The gold standard of data privacy, anonymization, is not adequate. Differential-privacy (DP) algorithms offer a reliable alternative by utilizing random noise into the data and resolving queries with high accuracy applying probability. The problem is that it is hard to explain. Probability can be very counter-intuitive. If you flip a coin, the probability of it turning up heads is 50%. But once joint probability or conditional probability (Bayesian) gets into the mix, our decision-making rarely involves probability instead of heuristics or deterministic models (think about the annual budget). When asking for the results of your investigation, does it matter if you say 85% probability or 95%? Our management gestalt doesn't work that way.

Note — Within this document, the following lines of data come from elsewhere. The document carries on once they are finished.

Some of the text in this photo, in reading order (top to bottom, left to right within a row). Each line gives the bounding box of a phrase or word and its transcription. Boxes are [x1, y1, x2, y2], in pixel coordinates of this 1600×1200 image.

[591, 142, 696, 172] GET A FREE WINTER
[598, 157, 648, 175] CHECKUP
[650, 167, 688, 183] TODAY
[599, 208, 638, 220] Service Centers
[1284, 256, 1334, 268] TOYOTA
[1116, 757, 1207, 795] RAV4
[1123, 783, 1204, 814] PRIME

As a demonstration, if you were asked what is the probability that at least two people from a group of thirty have the same birthday, you might say, "well 30 people, 365 days, I guess 1 in 10 or 11? It's not that simple, and this is a simple problem. It's equal to: 1 - the probability that no two people share the same birthday:

Privacy math
(via the author)

Probability isn't very intuitive most of the time, like the example above. Another reason is that it is not mathematical. Probability uses math for efficiency, but it's not a very good fit. Again, consider the example above. The math is incidental. Solving the problem is imagining the steps. 

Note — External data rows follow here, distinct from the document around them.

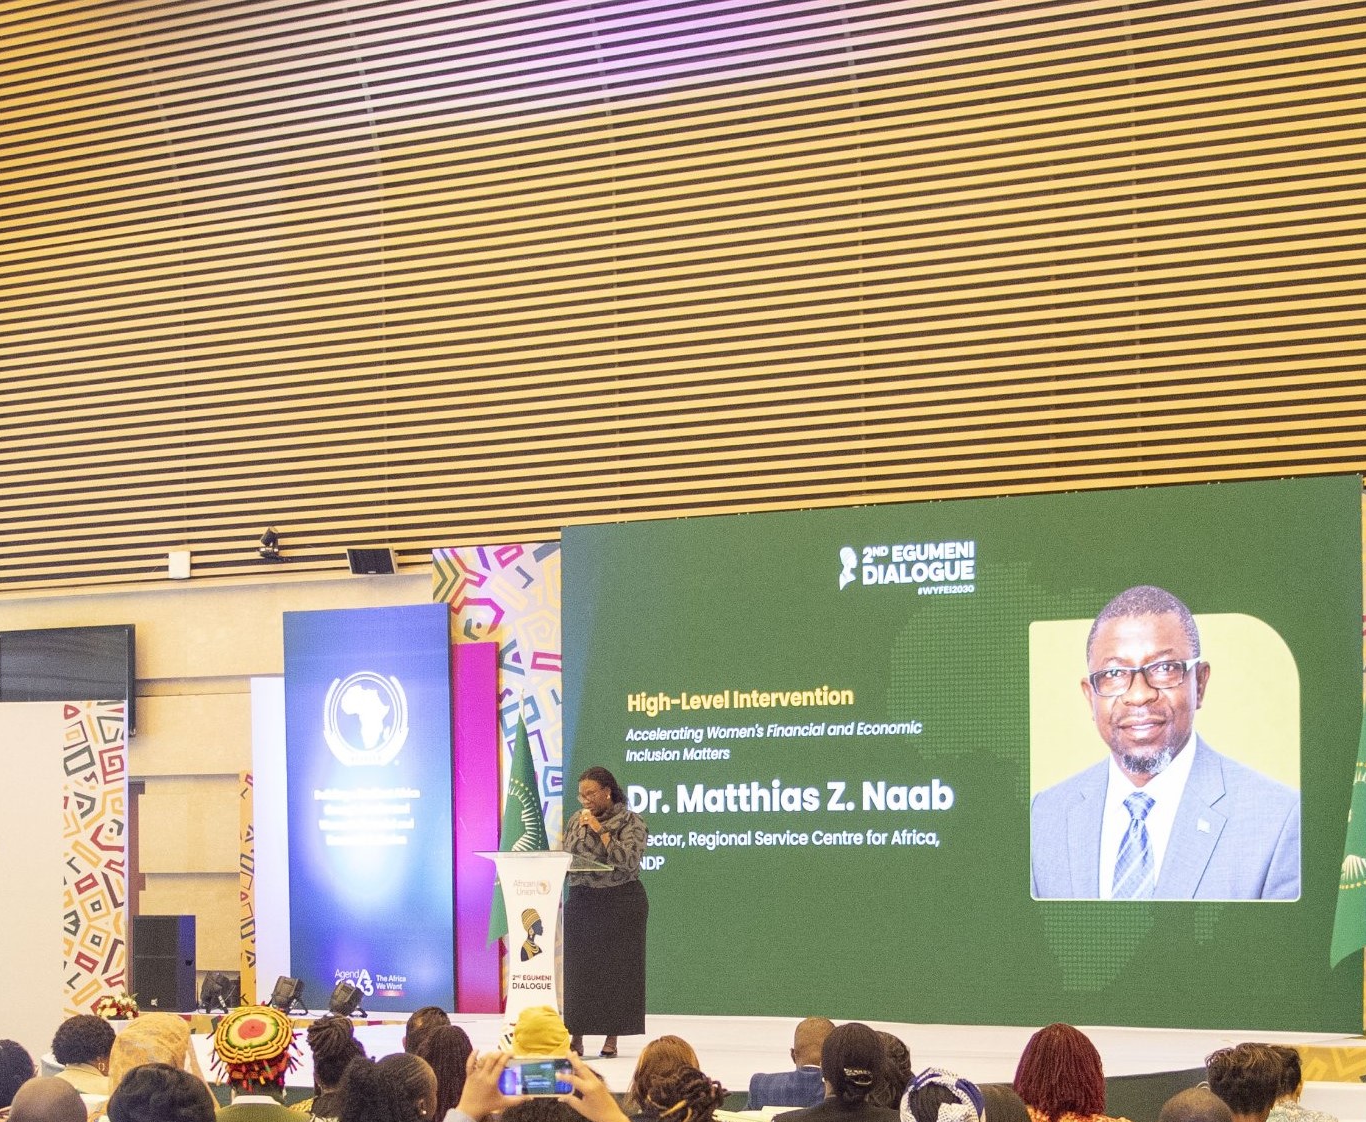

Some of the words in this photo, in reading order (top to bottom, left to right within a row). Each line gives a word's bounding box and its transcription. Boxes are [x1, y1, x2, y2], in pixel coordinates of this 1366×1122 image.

[863, 546, 889, 564] 2ND
[892, 541, 975, 562] EGUMENI
[863, 560, 975, 585] DIALOGUE
[918, 585, 975, 595] #WYFEI2030
[627, 690, 730, 717] High-Level
[733, 686, 854, 709] Intervention
[626, 726, 704, 743] Accelerating
[707, 724, 764, 739] Women's
[767, 723, 826, 738] Financial
[827, 722, 855, 736] and
[857, 720, 923, 736] Economic
[626, 748, 680, 762] Inclusion
[683, 748, 731, 761] Matters
[627, 785, 670, 814] Dr.
[677, 779, 820, 813] Matthias
[827, 782, 856, 812] Z.
[862, 779, 955, 811] Naab
[646, 832, 686, 849] ector,
[689, 830, 752, 850] Regional
[755, 830, 808, 846] Service
[812, 830, 864, 846] Centre
[866, 830, 888, 845] for
[891, 829, 940, 848] Africa,
[639, 856, 666, 871] NDP
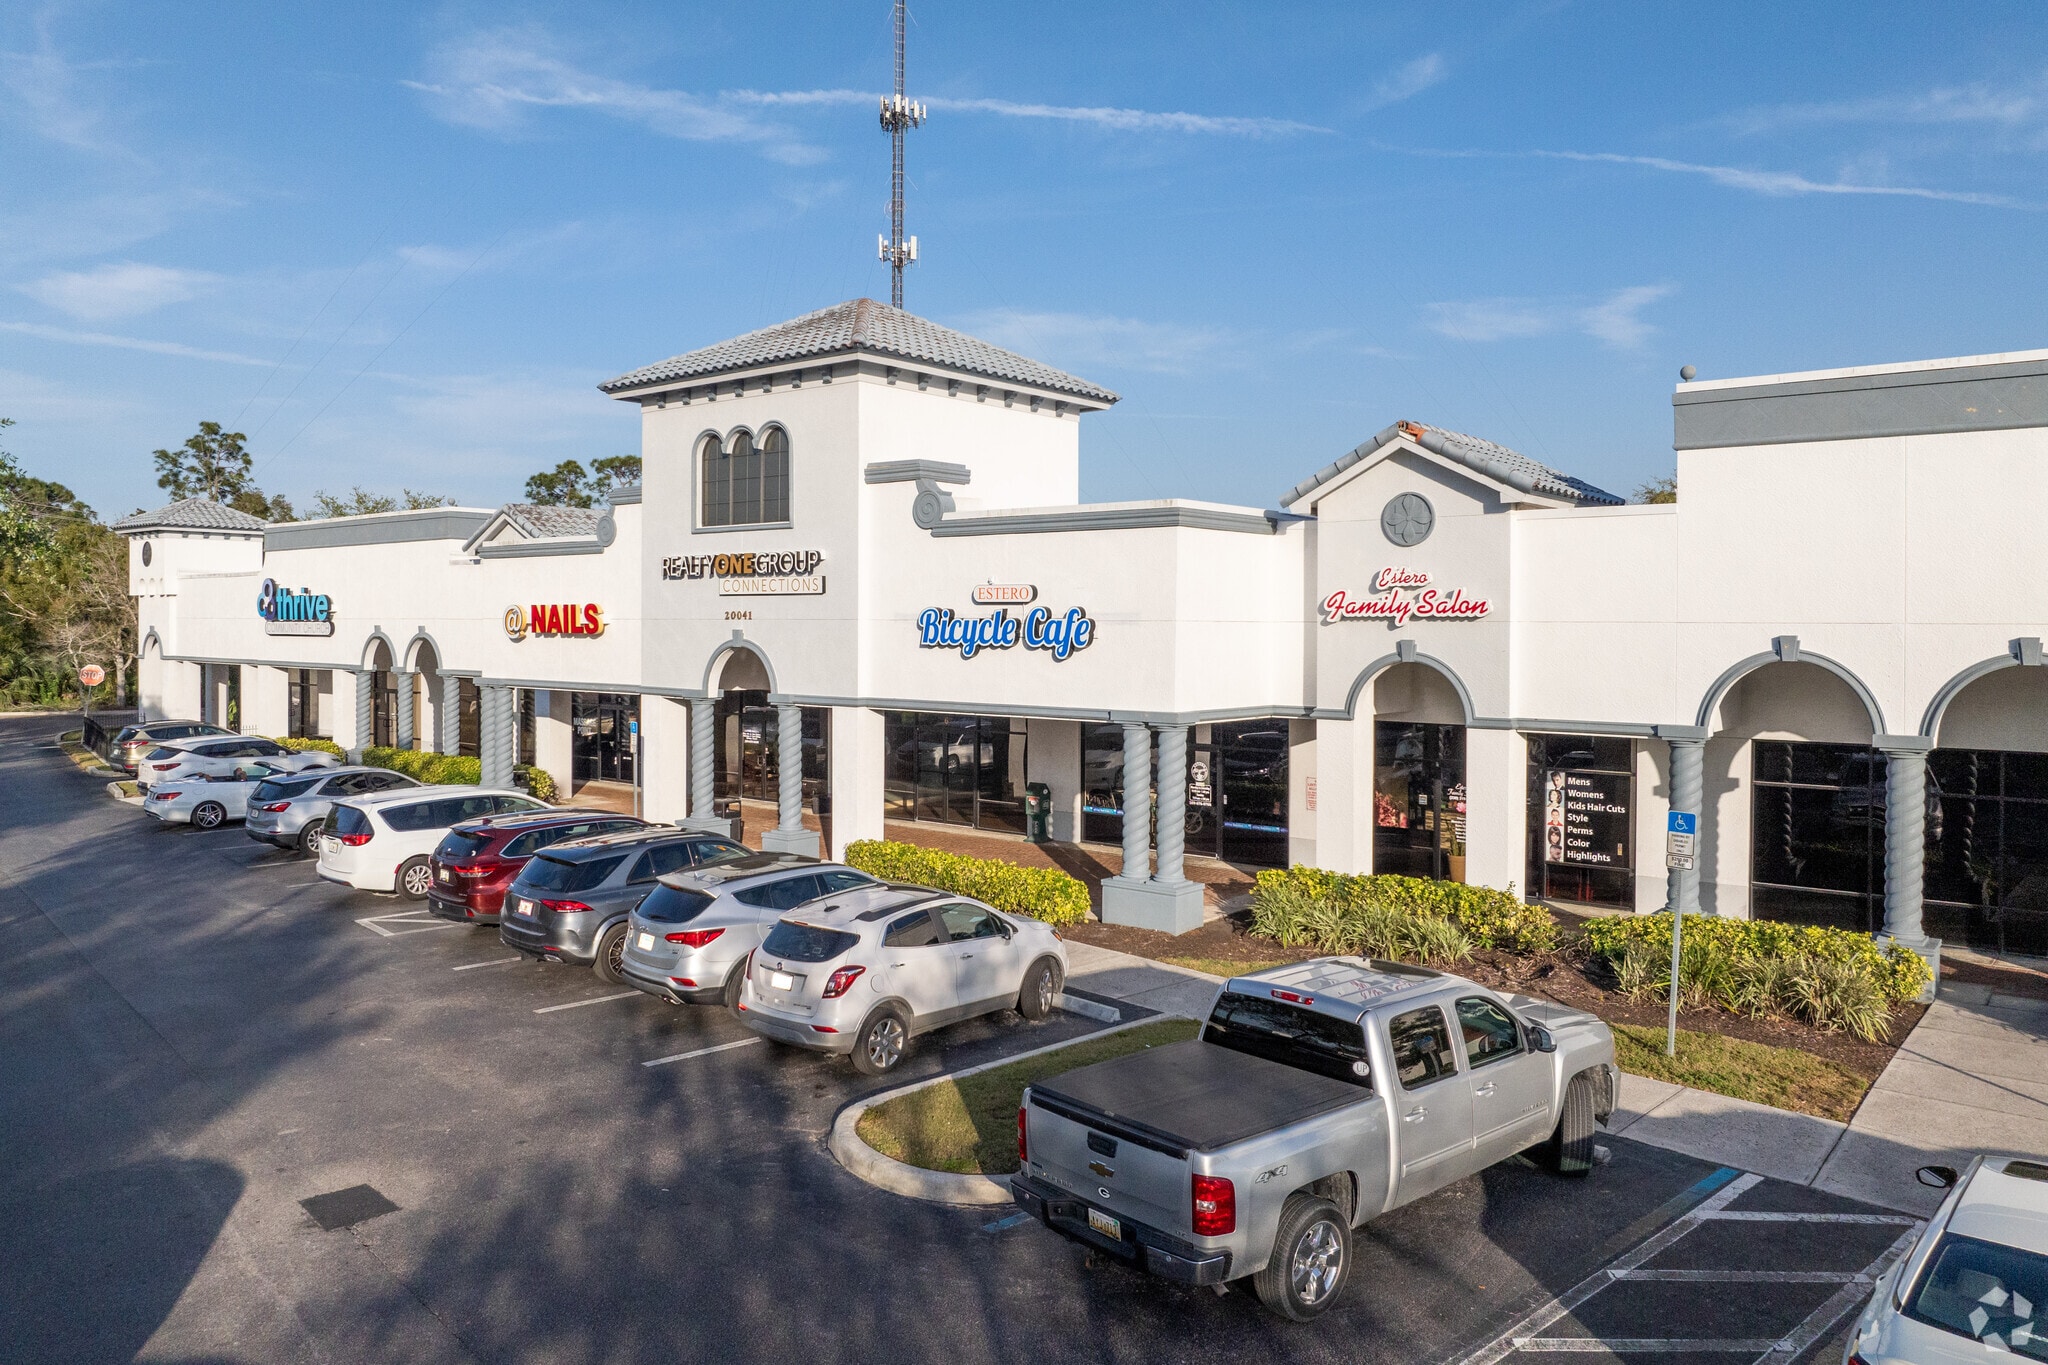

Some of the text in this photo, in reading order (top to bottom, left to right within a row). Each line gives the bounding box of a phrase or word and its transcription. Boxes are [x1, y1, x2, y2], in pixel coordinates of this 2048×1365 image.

[1378, 567, 1428, 587] Estero
[722, 577, 819, 593] CONNECTIONS
[977, 586, 1029, 601] ESTERO
[275, 586, 329, 621] thrive
[1326, 588, 1488, 624] Family Salon
[531, 603, 601, 635] NAILS
[724, 610, 753, 621] 20041
[918, 606, 1091, 659] Bicycle Cafe
[82, 670, 103, 680] STOP
[1567, 777, 1591, 786] Mens
[1567, 789, 1604, 800] Womens
[1567, 802, 1626, 814] Kids Hair Cuts
[1567, 814, 1589, 823] Style
[1567, 826, 1594, 835] Perms
[1567, 838, 1591, 848] Color
[1567, 850, 1611, 863] Highlights
[1356, 1063, 1368, 1073] UP
[1098, 1187, 1110, 1199] G

Let me explain how differential privacy works. Suppose we have a database with sensitive information such as people and credit ratings. A hacker wants to know how many people have a poor credit rating (N). We add (bear with me) some random noise by adding a random number K from a zero-centered Laplace Distribution with standard deviation 2. The hacker gets the answer N+K. Laplace distribution:

Laplace distribution - via Wikiepedia
(via Wikipedia)

The hacker will not know that the query returned an incorrect answer. However, there is a limit. Each successive query will return an answer closer to the truth and estimate the correct answer eventually. Remember, the "noise" is a random variable. There is a "Privacy budget" that can be set so that if the sensitivity is getting to a certain point, the algorithm simply stops responding. One of DP's primary goals is balancing privacy and maximizing utility (which can be measured as data accuracy). As Cynthia Dwork explained in Differential Privacy (PDF):

DP eliminates any potential methods a data analyst might have to distinguish a particular individual from other participants or associate particular behaviors with a previously identified individual in order to tailor content/services accordingly; consequently, DP makes sure that the privacy risk associated with participating in the study is not significantly increased.

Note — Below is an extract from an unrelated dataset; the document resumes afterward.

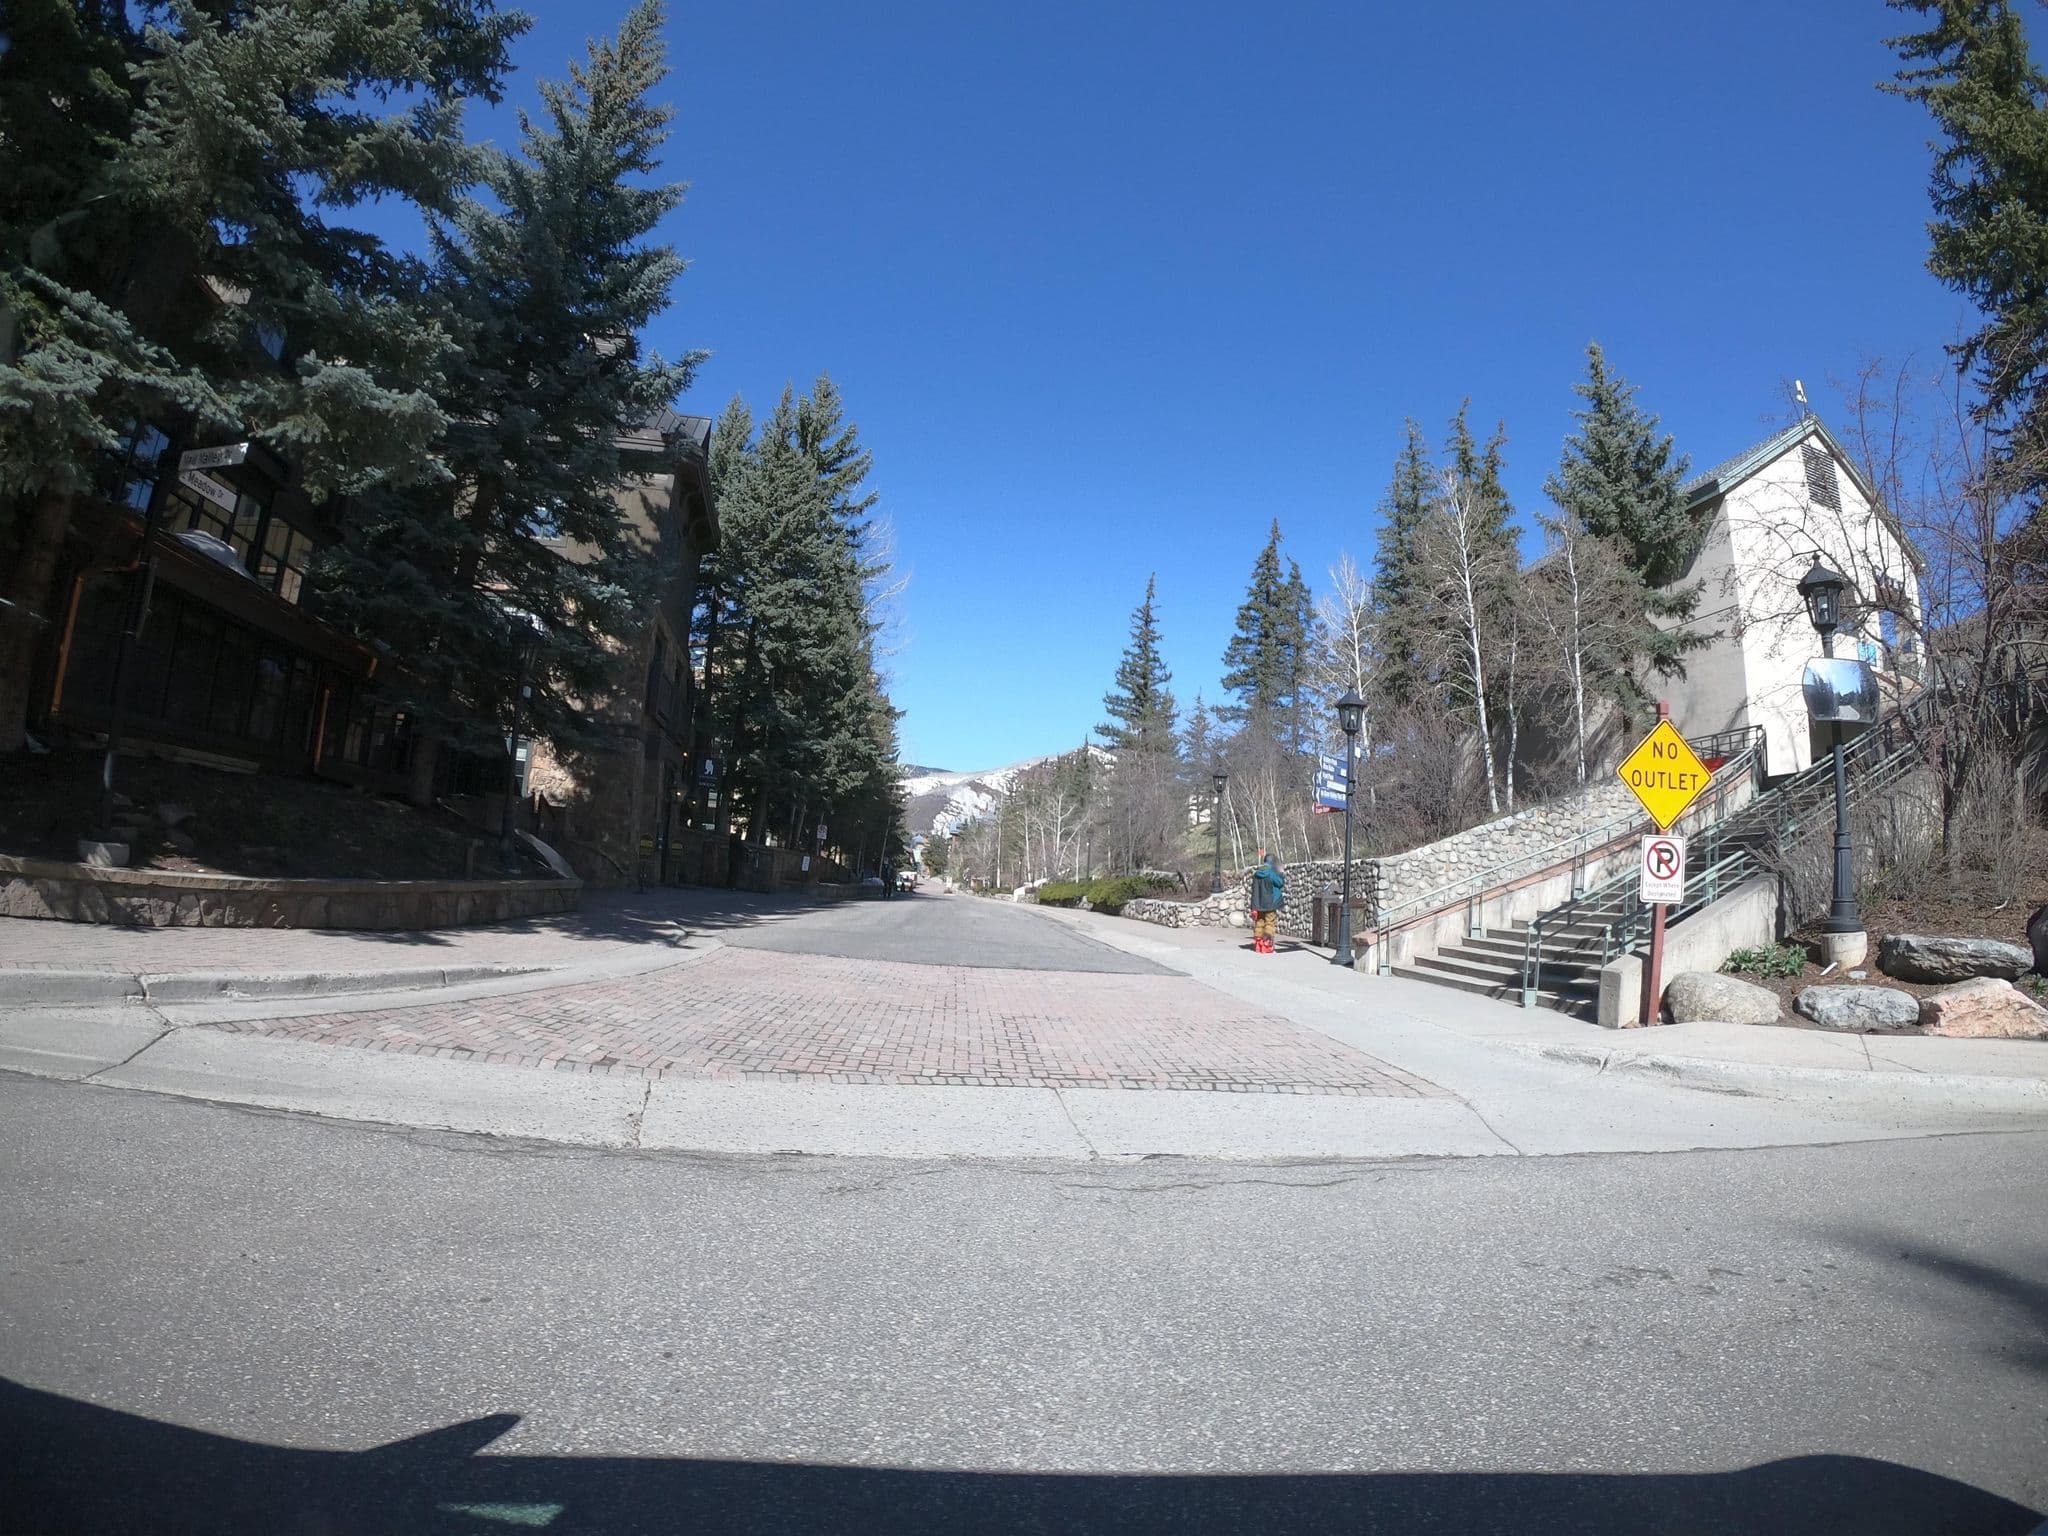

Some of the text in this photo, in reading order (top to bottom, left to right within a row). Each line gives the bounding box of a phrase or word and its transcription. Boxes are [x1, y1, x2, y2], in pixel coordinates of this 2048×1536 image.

[187, 471, 216, 496] Meadow
[1653, 742, 1678, 760] NO
[1631, 770, 1699, 791] OUTLET

Organizations strive to know very personal things about people in their data, such as preferences for travel, bank transactions, or hospital clinical data. A typical application is for a company to review if its targeting strategies are performing. Differential privacy gives investigators access to the most private data without revealing the individuals' actual identity. Other anonymization techniques remove relevant data to protect privacy. Differential privacy is a probabilistic approach defined by a mathematical definition of privacy, privacy as a random variable to quantify the level of security. Working with a dataset, it is impossible to identify individual persons while preserving all of the data for analysis. 

My take

DP is not easy to explain. We all think of datasets for analytics as what they are, and querying them should give the same answer every time. It's hard to wrap your head around the idea these answers will be "noisy" unless you can bypass the querying method. 

I will summarize conversations with technology vendors implementing DP solutions to provide some specificity to how this works in future articles. For example, Apple and Microsoft are actively employing DP.